Yes, I see you're right about that.  Grub wouldn't see the substance of the kernel at the point where you are having your problem.  I don't know what else it could be.  I'll try looking around the internet and I'll also try different things with grub on my computer.

And don't worry about your english--it's fine.  I have no trouble understanding you.

Eric

----------

## SIR

I too, am getting the same problem, maybe I can add some new ideas.

When I run setup (hd0) from the grub prompt, I get the exact same message as above:  

```
Checking if "/boot/grub/stage1" exists... no
```

 (and so on)

I tried using the tab key (like in bash) to fill in the info at the grub prompt, and it would not find the /boot directory.  I typed:

```
kernel (hd0,0)/bo <Tab key>
```

and nothing happened.

I did happen to have a copy of my bzImage file in my /root directory (as a backup), and when I type:

```
kernel (hd0,0)/b
```

and then hit the tab key, it filled in things so it now says "kernel (hd0,0)/bzImage"
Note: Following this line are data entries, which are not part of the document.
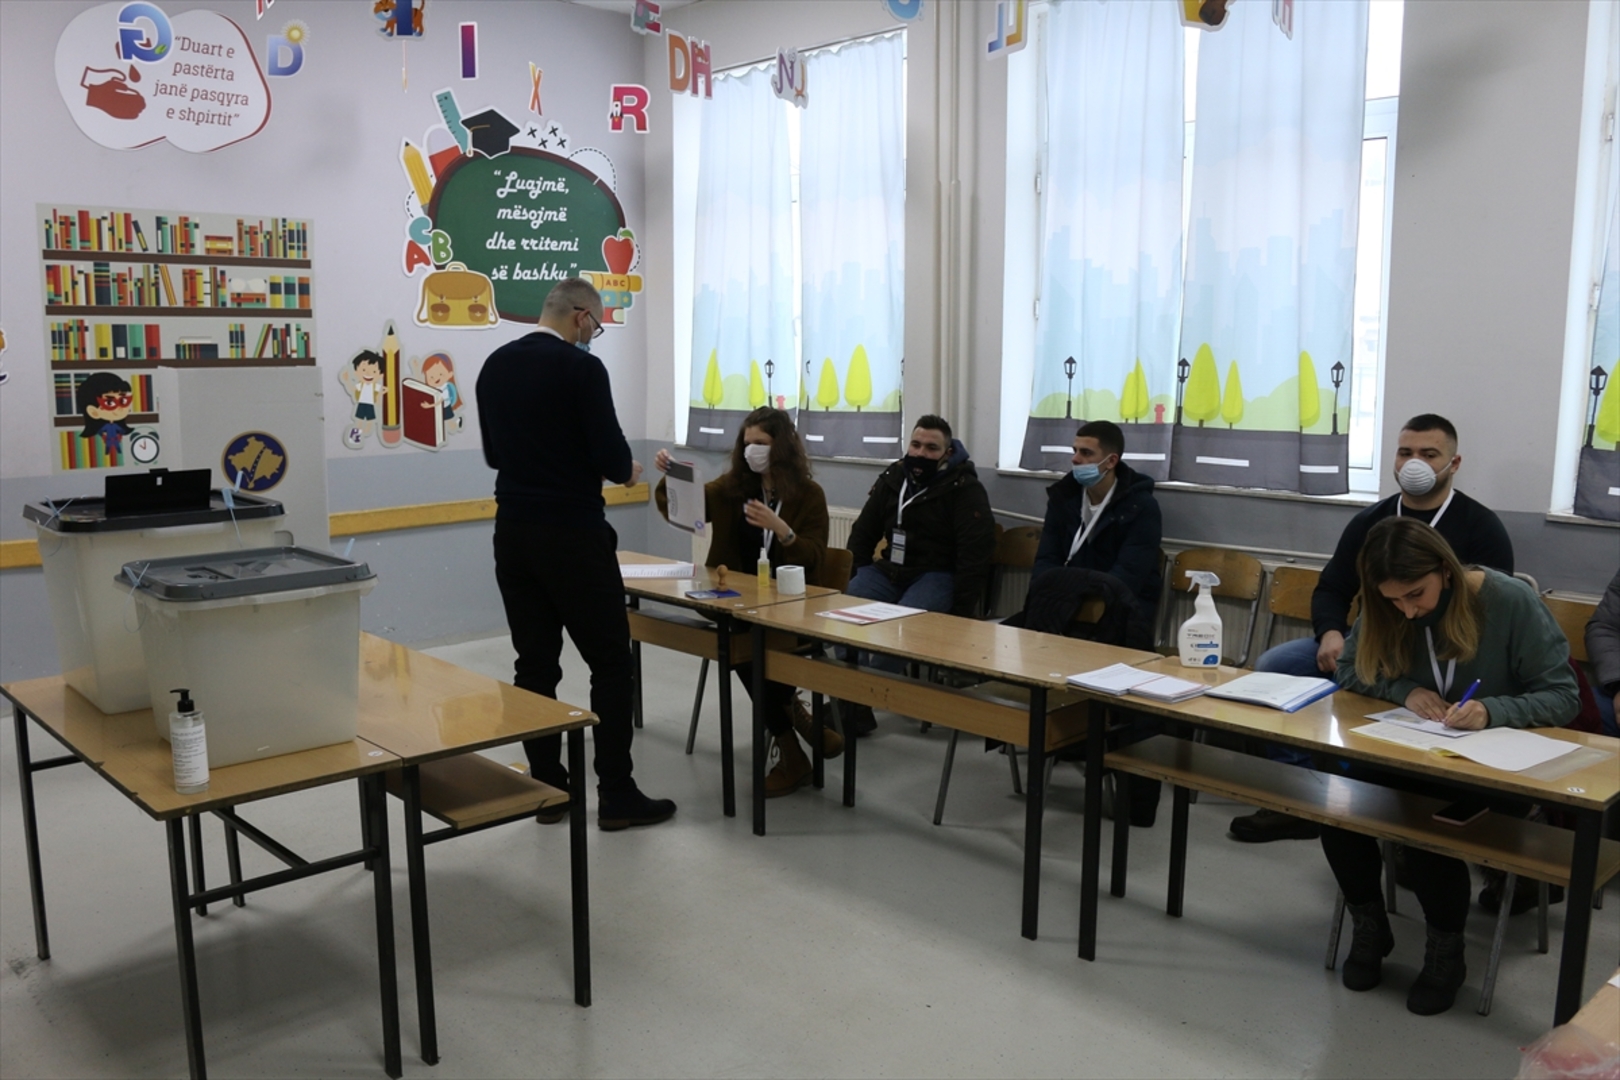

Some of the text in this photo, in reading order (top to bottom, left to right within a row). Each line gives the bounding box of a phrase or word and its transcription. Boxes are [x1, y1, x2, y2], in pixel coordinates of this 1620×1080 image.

[226, 47, 235, 58] e
[268, 35, 303, 76] D
[172, 62, 234, 81] pastërta
[153, 80, 249, 107] janë pasqyra
[166, 107, 175, 119] e
[611, 86, 648, 130] R
[497, 205, 567, 229] mësojmë
[486, 231, 579, 251] dhe rritemi
[491, 265, 508, 280] së
[606, 279, 625, 287] ABC
After this (and filling up the rest of the parameters), everything boots up properly.

I did create a dummy text file in /root, and tried using the tab key in grub to see if it could find it, but alas it could not.  It must be finding my bzImage somewhere else, or maybe my drive is not mounted properly, or something.
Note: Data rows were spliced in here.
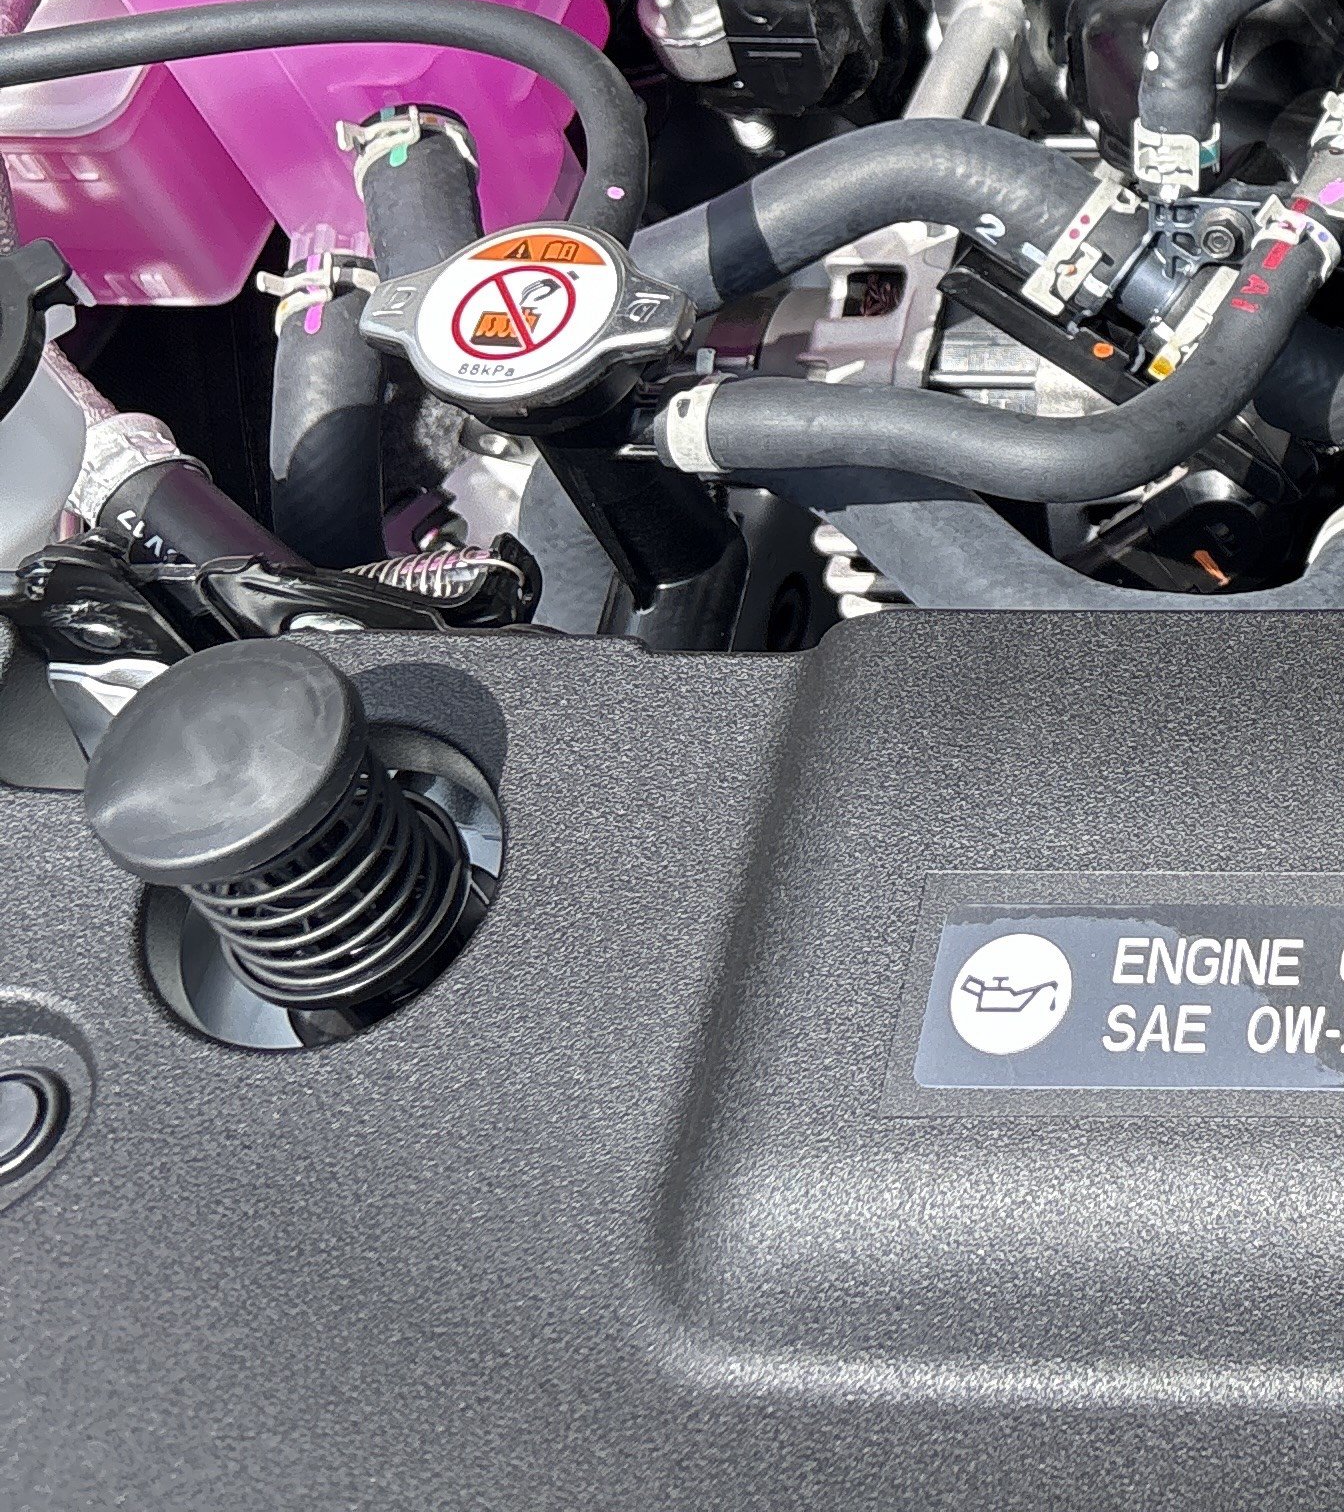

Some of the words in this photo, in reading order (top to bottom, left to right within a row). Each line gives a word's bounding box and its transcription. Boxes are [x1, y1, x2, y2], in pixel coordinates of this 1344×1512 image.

[974, 212, 1006, 246] 2
[457, 363, 516, 378] 88kPa
[1112, 936, 1306, 988] ENGINE
[1101, 1005, 1214, 1055] SAE
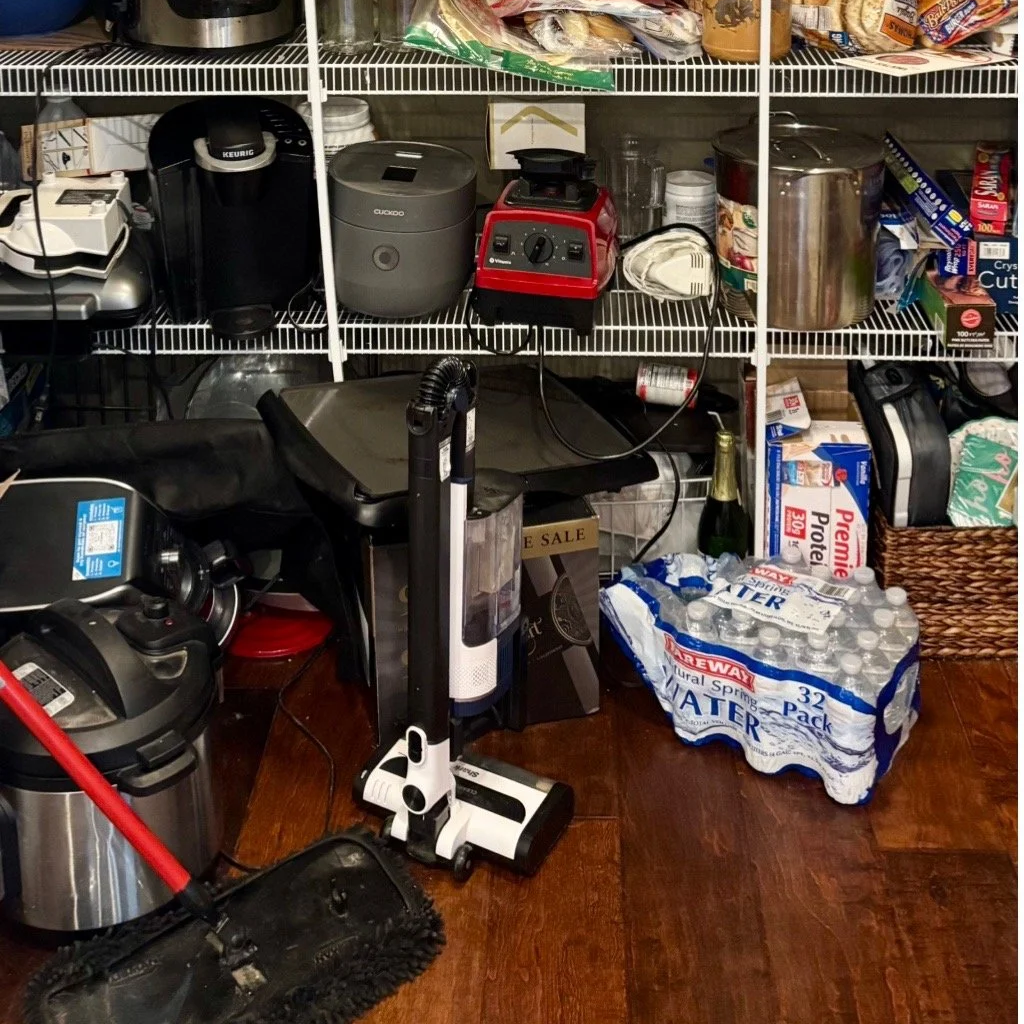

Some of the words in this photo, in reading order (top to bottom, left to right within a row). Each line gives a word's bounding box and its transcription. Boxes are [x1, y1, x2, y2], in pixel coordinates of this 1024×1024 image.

[222, 149, 254, 159] KEURIG
[975, 169, 999, 197] SARAN
[373, 208, 405, 217] CUCKOO
[977, 202, 999, 210] SARAN
[977, 223, 993, 233] 100
[494, 258, 512, 266] Vitamix
[860, 461, 868, 485] Vanilla
[791, 509, 806, 536] 30g
[541, 527, 586, 547] SALE
[809, 510, 830, 568] Protei
[834, 508, 855, 579] Premie
[749, 577, 790, 595] Spring
[712, 680, 758, 712] Spring
[797, 686, 826, 711] 32
[783, 701, 832, 735] Pack
[455, 764, 480, 778] Shark
Does anybody know why this is happening?

----------

## SIR

 *Wishmaster wrote:*   

> 
> 
> I hope you understand what i want to say. My englisch is bad! 
> 
> 

 

Ich kann Deutsch... aber wir verstehen dich!  :Cool: 

By the way, I edited my /boot/grub/grub.conf file and changed my kernel line from

```
kernel (hd0,0)/boot/bzImage root=/dev/hda3
```

to

```
kernel (hd0,0)/bzImage root=/dev/hda3
```

and my computer boots fine now.

I don't see the grub splash screen like I used to (before I was getting this problem), but since I'm using only 1 kernel configuration right now, that's ok.
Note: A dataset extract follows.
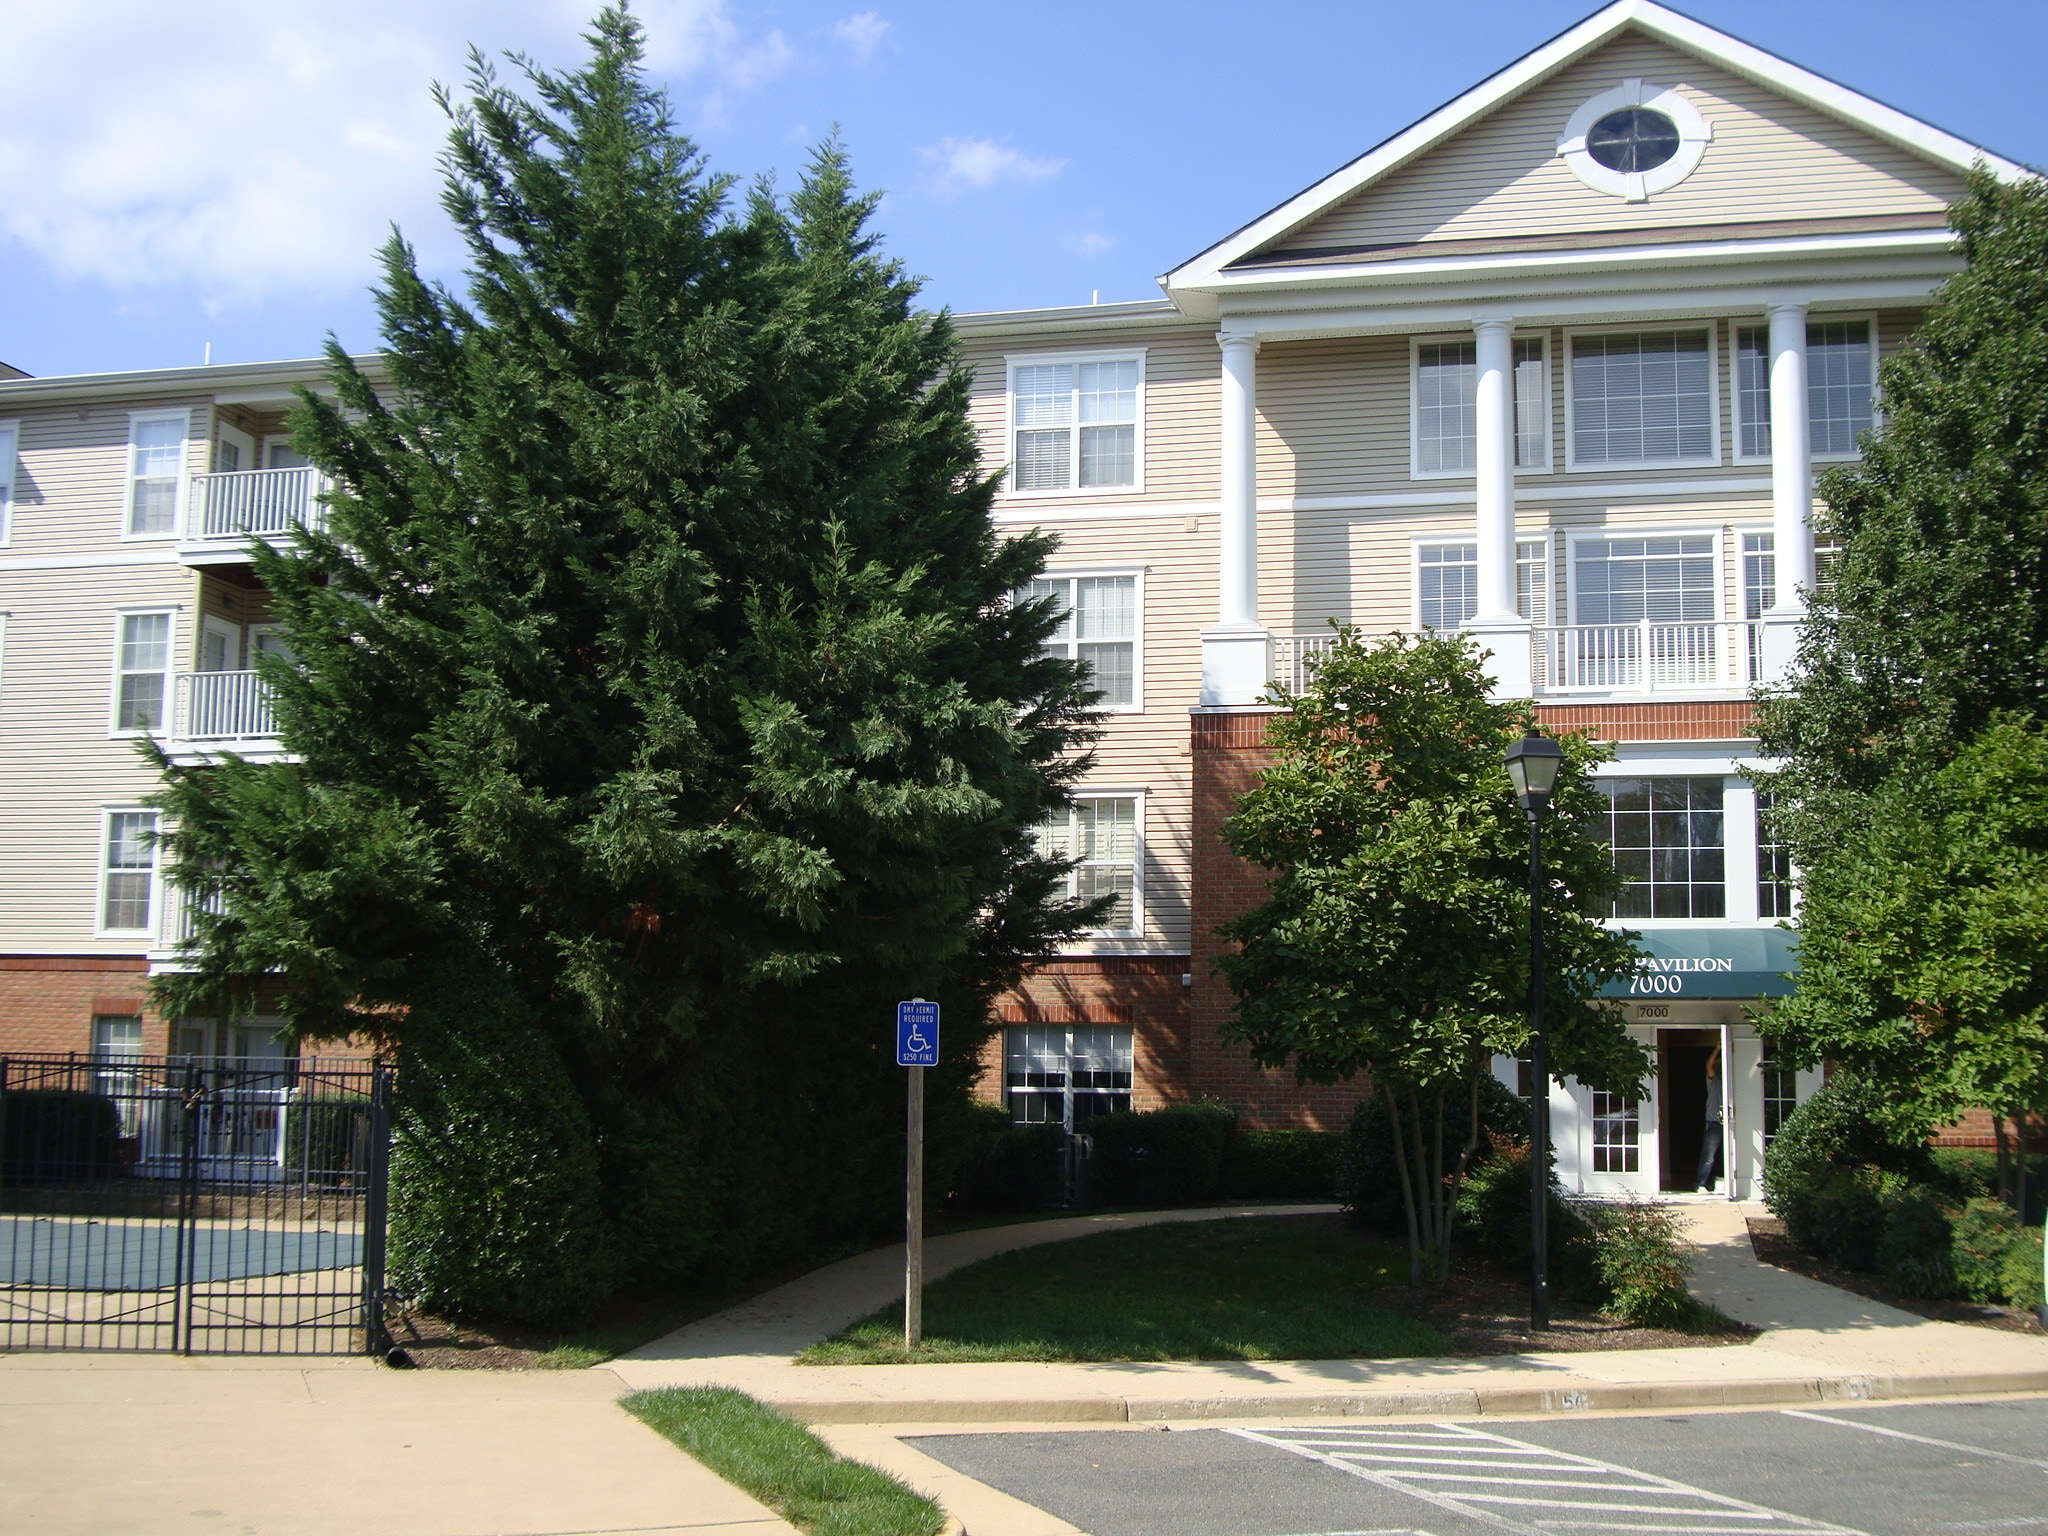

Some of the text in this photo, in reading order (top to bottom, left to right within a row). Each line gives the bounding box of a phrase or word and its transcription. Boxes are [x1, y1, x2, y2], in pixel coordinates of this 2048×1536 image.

I'm wondering what will happen next time I build a new kernel, though.

I don't understand mounting boot and such, but am I normally supposed to do something like:

```
# mount /dev/hda1 /boot

# <make changes, copy new kernel, etc.>

# umount /boot
```

whenever I'm messing with files in /boot?

I notice, because I get a different result from "ls -l /boot" when doing it right after startup, and after mount /dev/hda1 /bootLast edited by SIR on Sat Jun 28, 2003 5:12 pm; edited 1 time in total

----------

## SIR

Does this mean anything?

Here's some output at my grub prompt:

```
grub> find /boot/grub/bstage1

 (hd0,2)

grub> find /boot/bzImage

 (hd0,2)
```

I set up my system just like the install guide (/dev/hda1 is /boot, /dev/hda2 is swap, /dev/hda3 is / in my fstab file).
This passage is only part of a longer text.